■ **WORK ITEM**:
The listing below is to be given again in full and word for word, without its images.

====== SUPPLIED MATERIAL ======

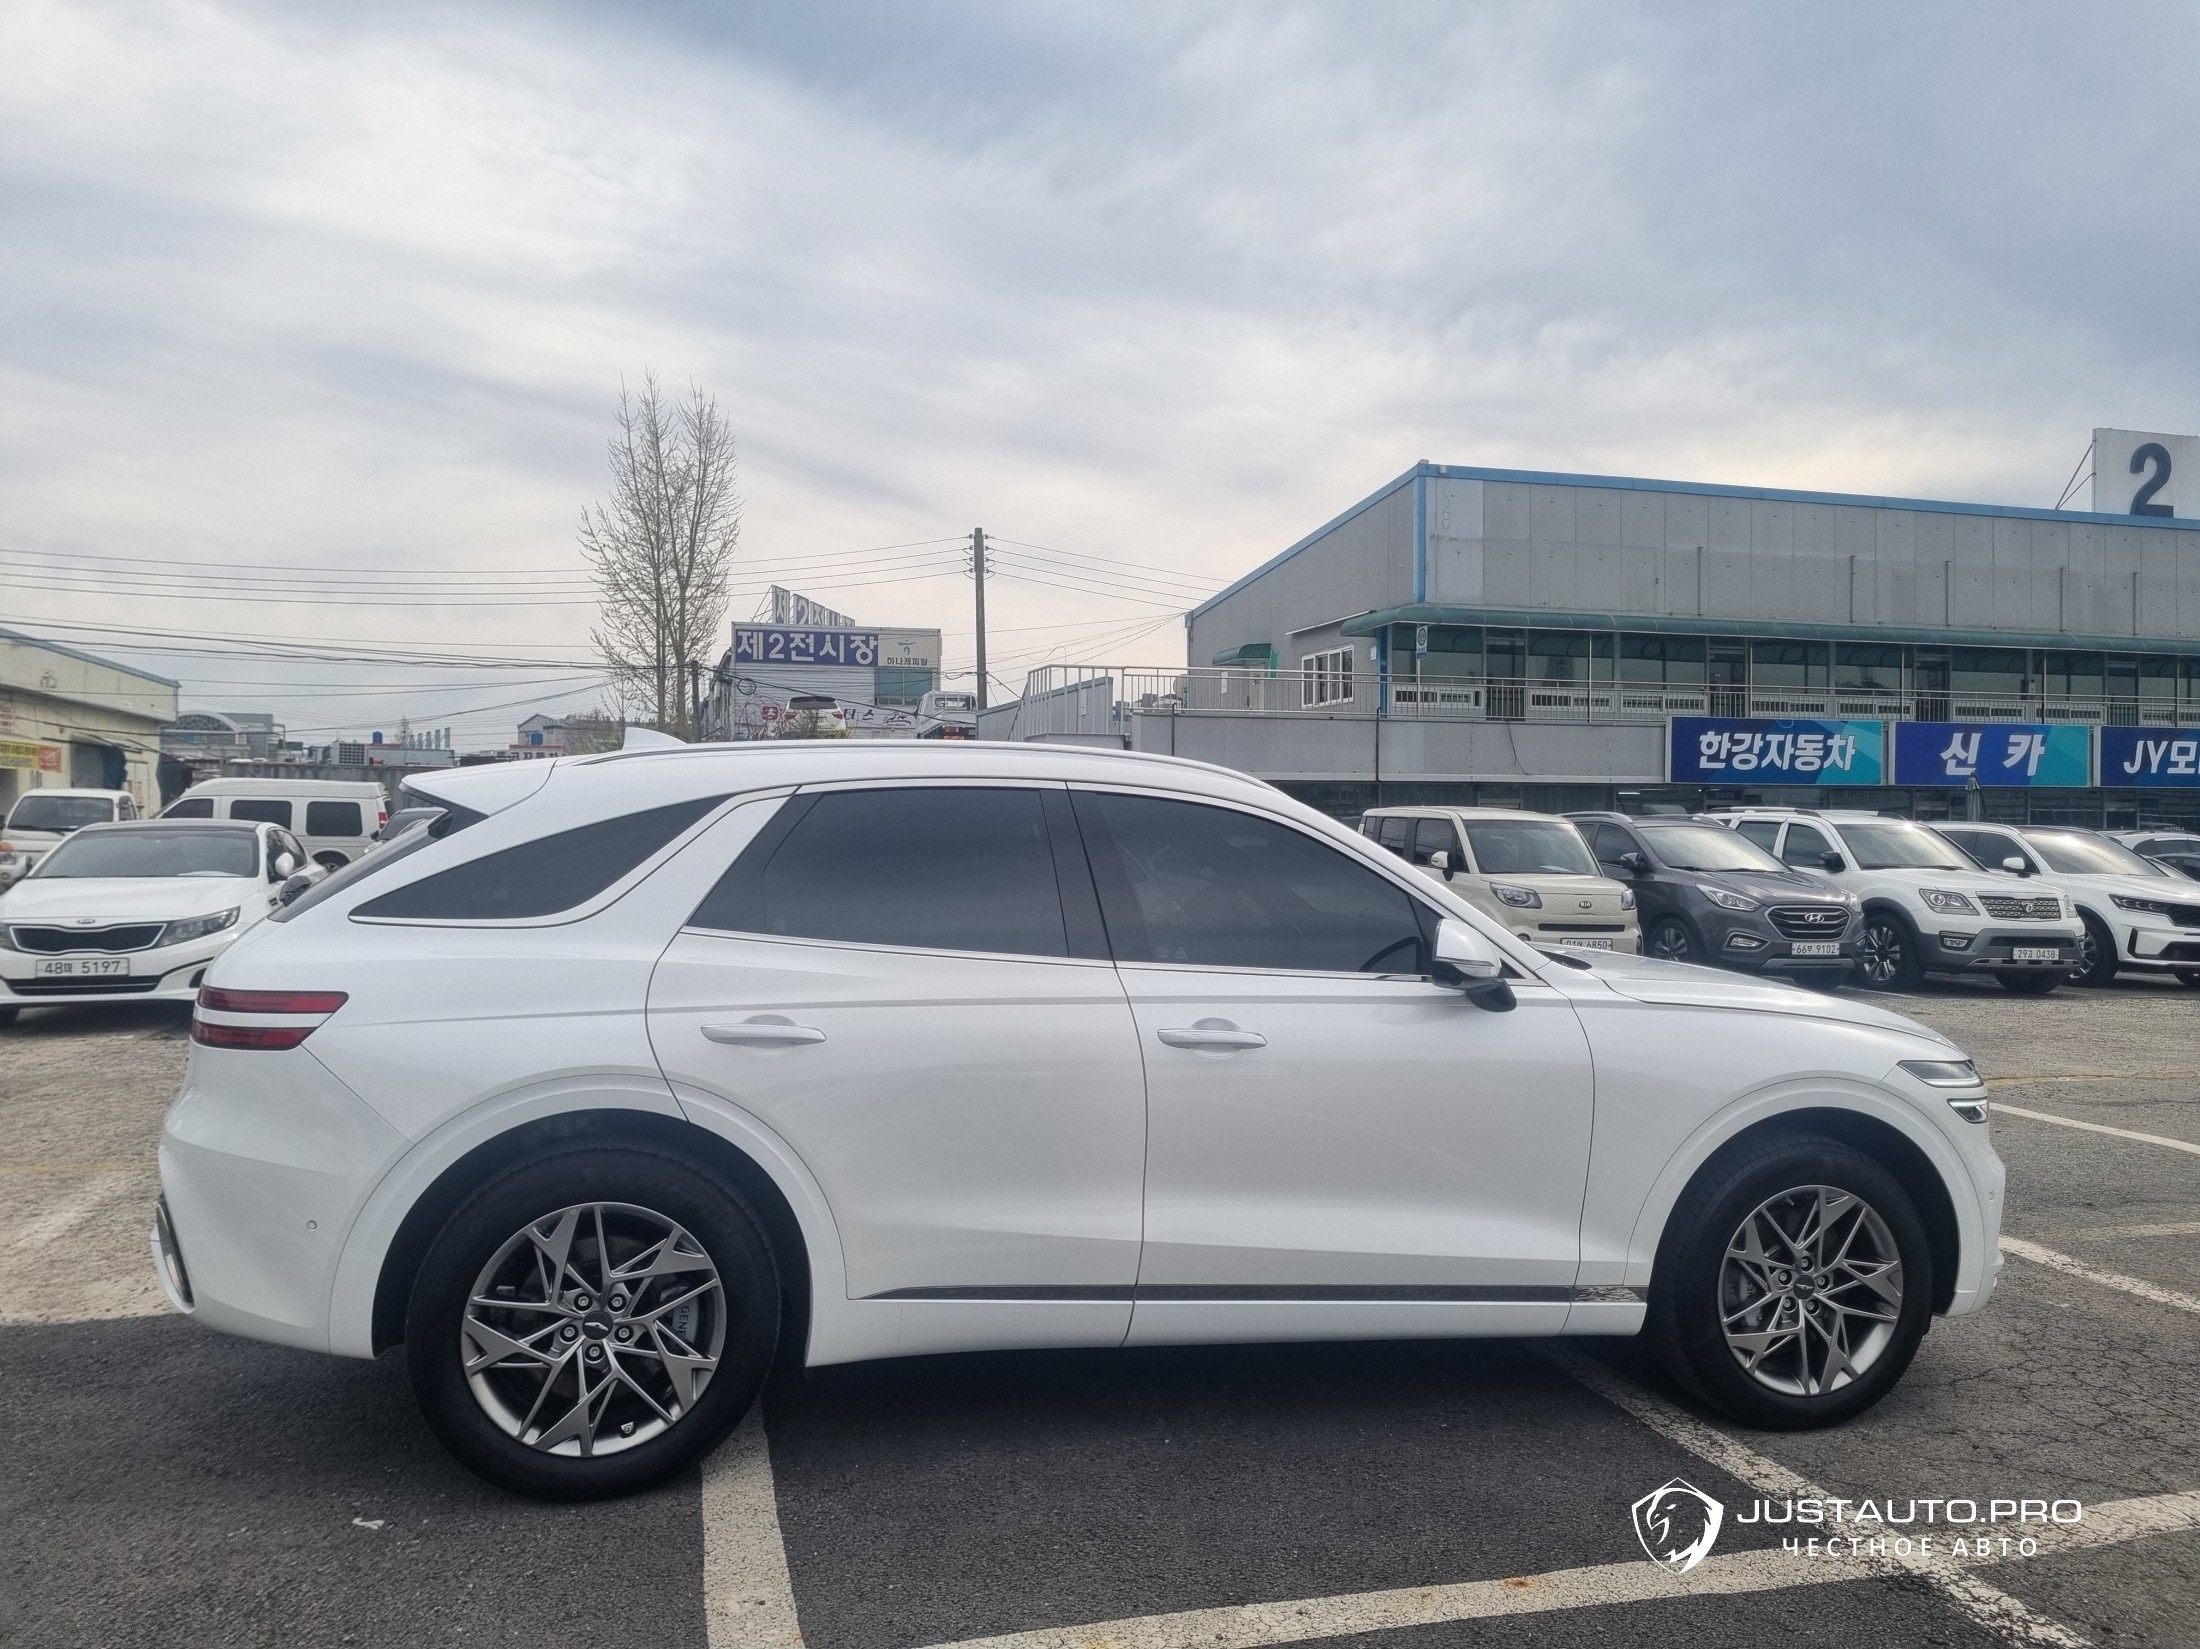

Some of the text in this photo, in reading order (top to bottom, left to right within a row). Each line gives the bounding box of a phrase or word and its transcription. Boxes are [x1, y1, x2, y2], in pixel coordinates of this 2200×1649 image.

[2129, 442, 2174, 518] 2
[737, 629, 879, 666] 제2전시장
[1698, 730, 1857, 772] 한강자동차
[2123, 740, 2200, 775] JY모
[1816, 944, 1836, 954] 9102
[2036, 949, 2056, 959] 0438
[81, 960, 121, 974] 5197
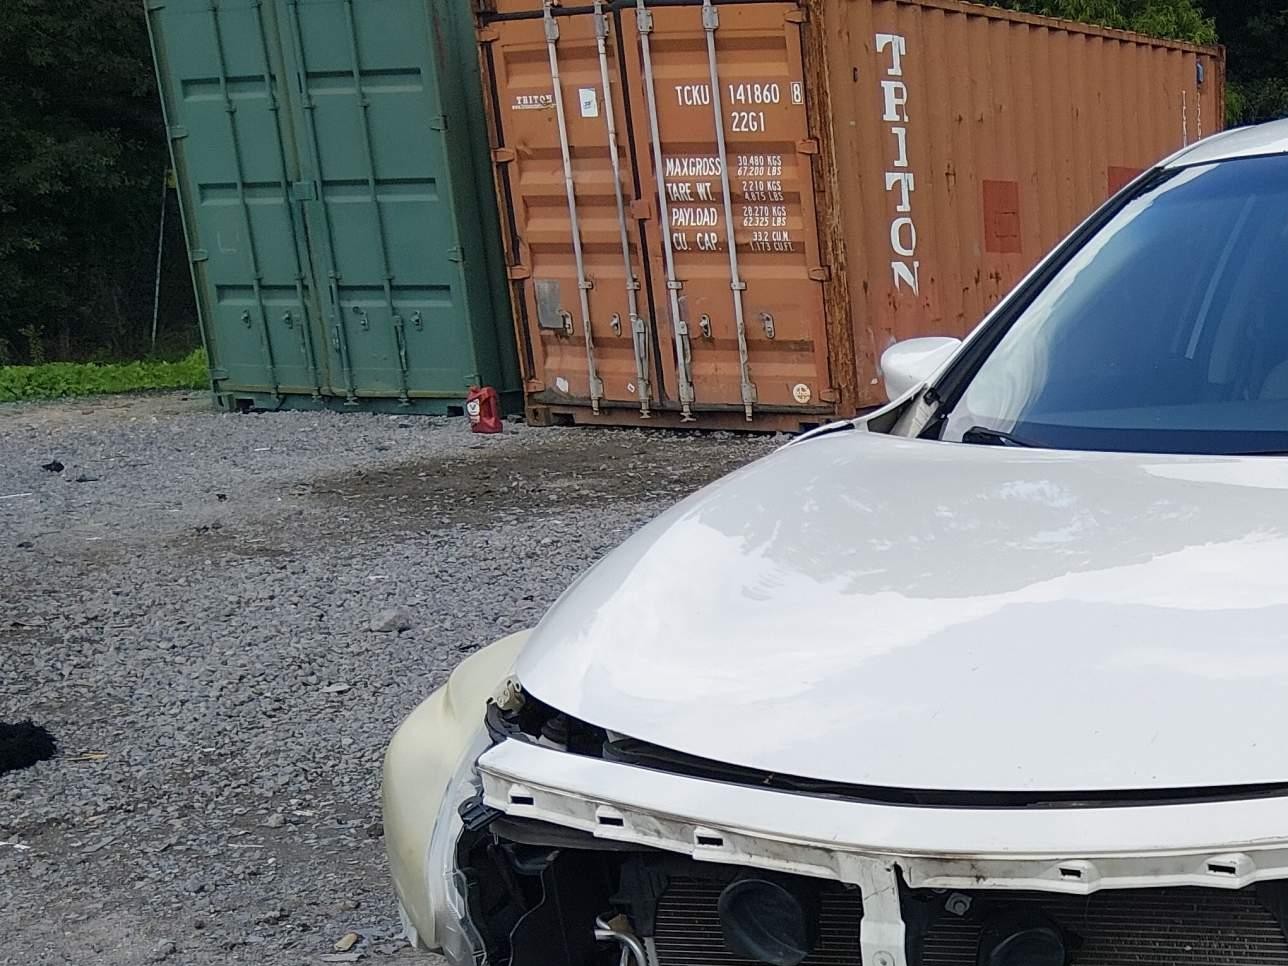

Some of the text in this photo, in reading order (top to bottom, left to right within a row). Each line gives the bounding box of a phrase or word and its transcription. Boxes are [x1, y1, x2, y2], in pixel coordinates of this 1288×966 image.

[675, 83, 802, 106] TCKU 141860 8
[731, 112, 765, 132] 22G1
[665, 157, 721, 177] MAXGROSS
[767, 155, 782, 167] KGS
[875, 33, 919, 297] TRITON
[767, 166, 782, 176] LBS
[666, 182, 716, 201] TARE WT.
[767, 181, 782, 191] KGS
[768, 191, 784, 201] LBS
[671, 207, 718, 226] PAYLOAD
[772, 206, 787, 217] KGS
[772, 217, 787, 227] LBS
[673, 232, 722, 251] CU. CAP.
[752, 231, 769, 242] 33.2

======

■ **ANSWER TO THE EXERCISE**:
Some of the text in this photo, in reading order (top to bottom, left to right within a row). Each line gives the bounding box of a phrase or word and its transcription. Boxes are [x1, y1, x2, y2], in pixel coordinates of this 2200×1649 image.

[2129, 442, 2174, 518] 2
[737, 629, 879, 666] 제2전시장
[1698, 730, 1857, 772] 한강자동차
[2123, 740, 2200, 775] JY모
[1816, 944, 1836, 954] 9102
[2036, 949, 2056, 959] 0438
[81, 960, 121, 974] 5197

Some of the text in this photo, in reading order (top to bottom, left to right within a row). Each line gives the bounding box of a phrase or word and its transcription. Boxes are [x1, y1, x2, y2], in pixel coordinates of this 1288×966 image.

[675, 83, 802, 106] TCKU 141860 8
[731, 112, 765, 132] 22G1
[665, 157, 721, 177] MAXGROSS
[767, 155, 782, 167] KGS
[875, 33, 919, 297] TRITON
[767, 166, 782, 176] LBS
[666, 182, 716, 201] TARE WT.
[767, 181, 782, 191] KGS
[768, 191, 784, 201] LBS
[671, 207, 718, 226] PAYLOAD
[772, 206, 787, 217] KGS
[772, 217, 787, 227] LBS
[673, 232, 722, 251] CU. CAP.
[752, 231, 769, 242] 33.2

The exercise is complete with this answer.